The study of the thermal and radiative heat transfer in semitransparent media plays an important role for industrial applications such as thermal insulation [1], photo-thermal therapy [2], glass forming [3] [4], porous media [5] and many others [6]. The steady thermal equation is commonly used to give a global and sometimes sufficient solution [7] [8] but, in some applications [2] [3], the knowledge of the evolution of the thermal heat transfer is necessary.
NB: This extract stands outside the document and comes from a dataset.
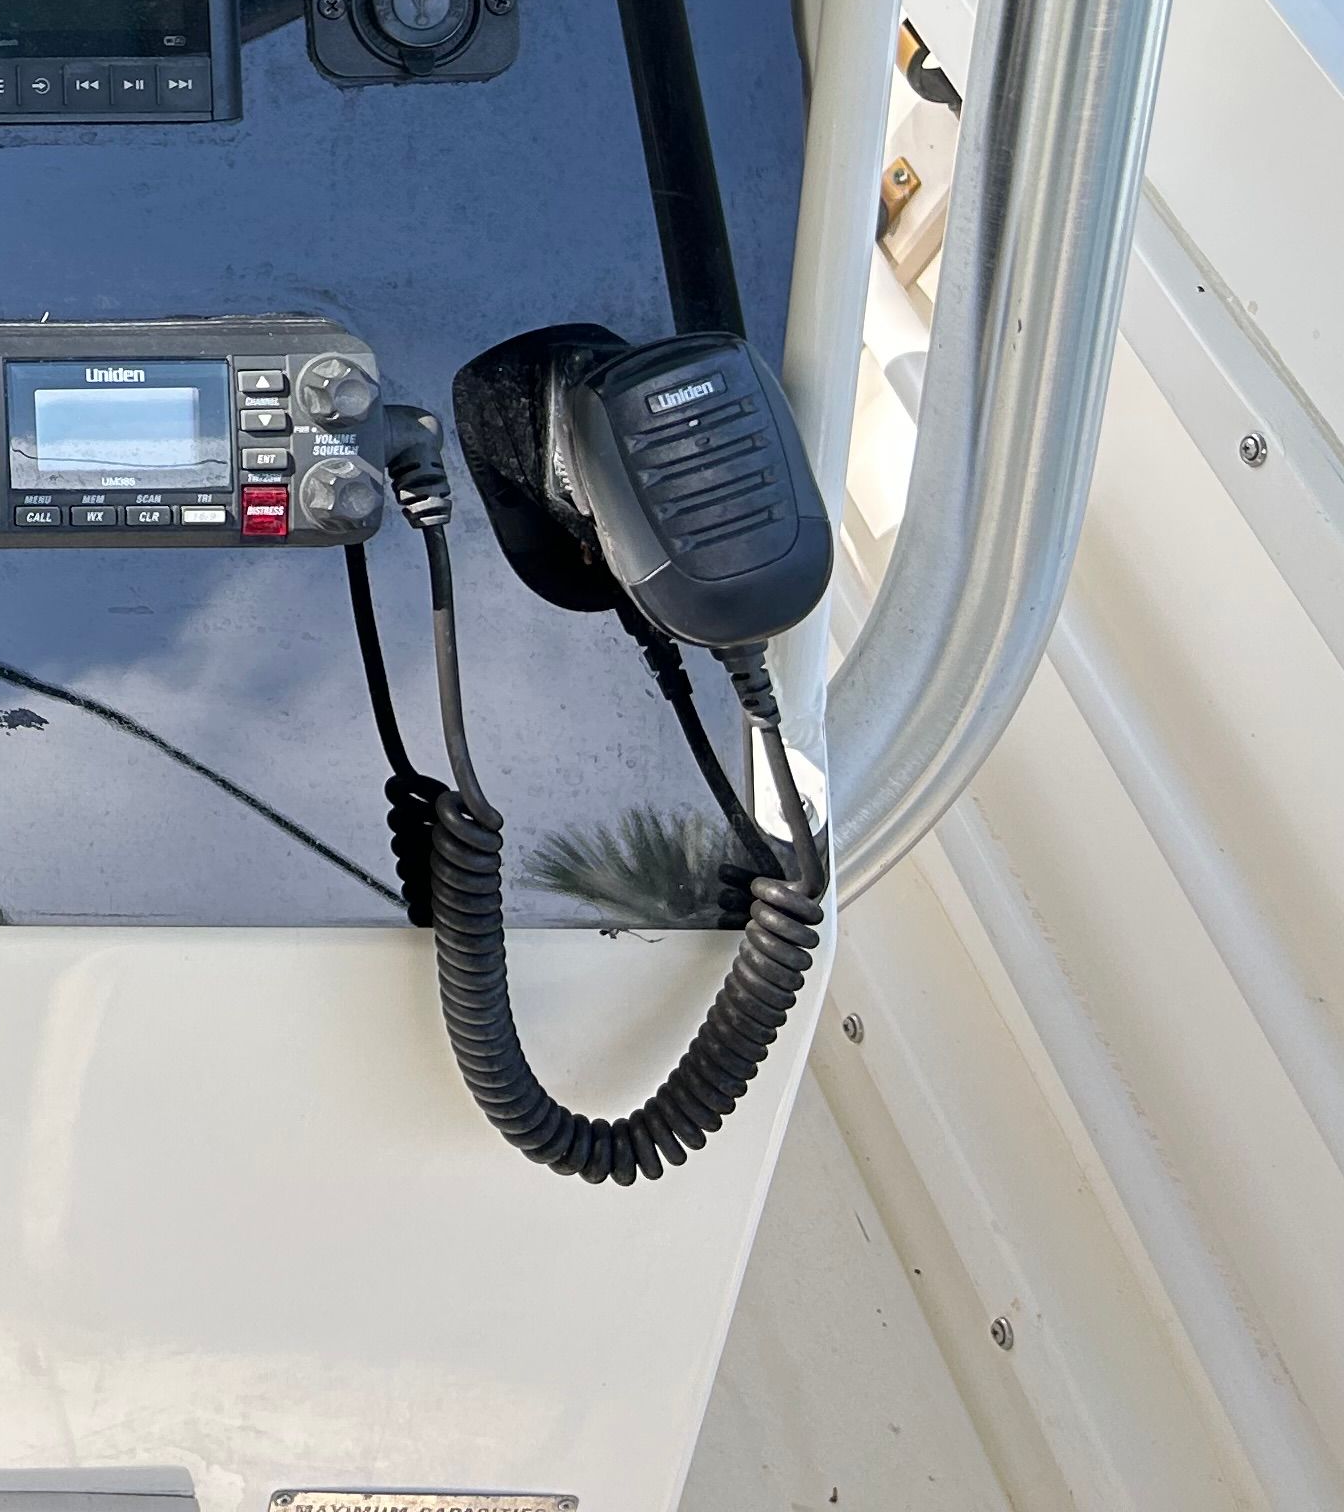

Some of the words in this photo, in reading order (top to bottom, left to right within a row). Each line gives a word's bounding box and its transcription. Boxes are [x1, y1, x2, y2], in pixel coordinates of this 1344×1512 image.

The coupling takes into account of the steady-state radiative transfer equation (RTE), as well as the transient heat conduction equation (HCE). Such a transient coupling is well derived in [9] [10]. The RTE is an integro-differential equation that contains an advection term and also an angular integral term corresponding to a gain by scattering. Deterministic and statistical methods are both popular in the radiative transfer community to solve the RTE. For the determinist methods, the most well-known angular discretization methods are the discrete ordinate methods [9] [11] [12] and the methods [2] [10] [13]. The RTE being a hyperbolic equation, the finite volume methods (FVM) are widely used for such kind of equation, for the spatial discretization [14] [15]. To add more, Finite Element Methods (FEM) are useful for complex geometries. In FEM, the classical Galerkin FEM in its original version, is not suited for the RTE, due to first order differential [16]. In such case, the Streamline-Upwind Petrov-Galerkin (SUPG) stabilizes the solution by adding artificial diffusion [11] [17]. Other methods have been developed in the past [9] [10] [18]-[23]. For the statistical methods, the Monte Carlo [23] [24] and Ray Tracing [25] model the transport of photons using samples and randoms. The statistical methods are easy to handle for simple geometries and consume low memory. Moreover, to calculate an exchange between two surfaces/volumes, the methods are fast. However, when the geometries are complex, when the solution is to be found in a whole enclosure, and when the radiative properties are heterogeneous, then the statistical methods are difficult to handle and the CPU time needed to obtain an accurate solution may become extremely high.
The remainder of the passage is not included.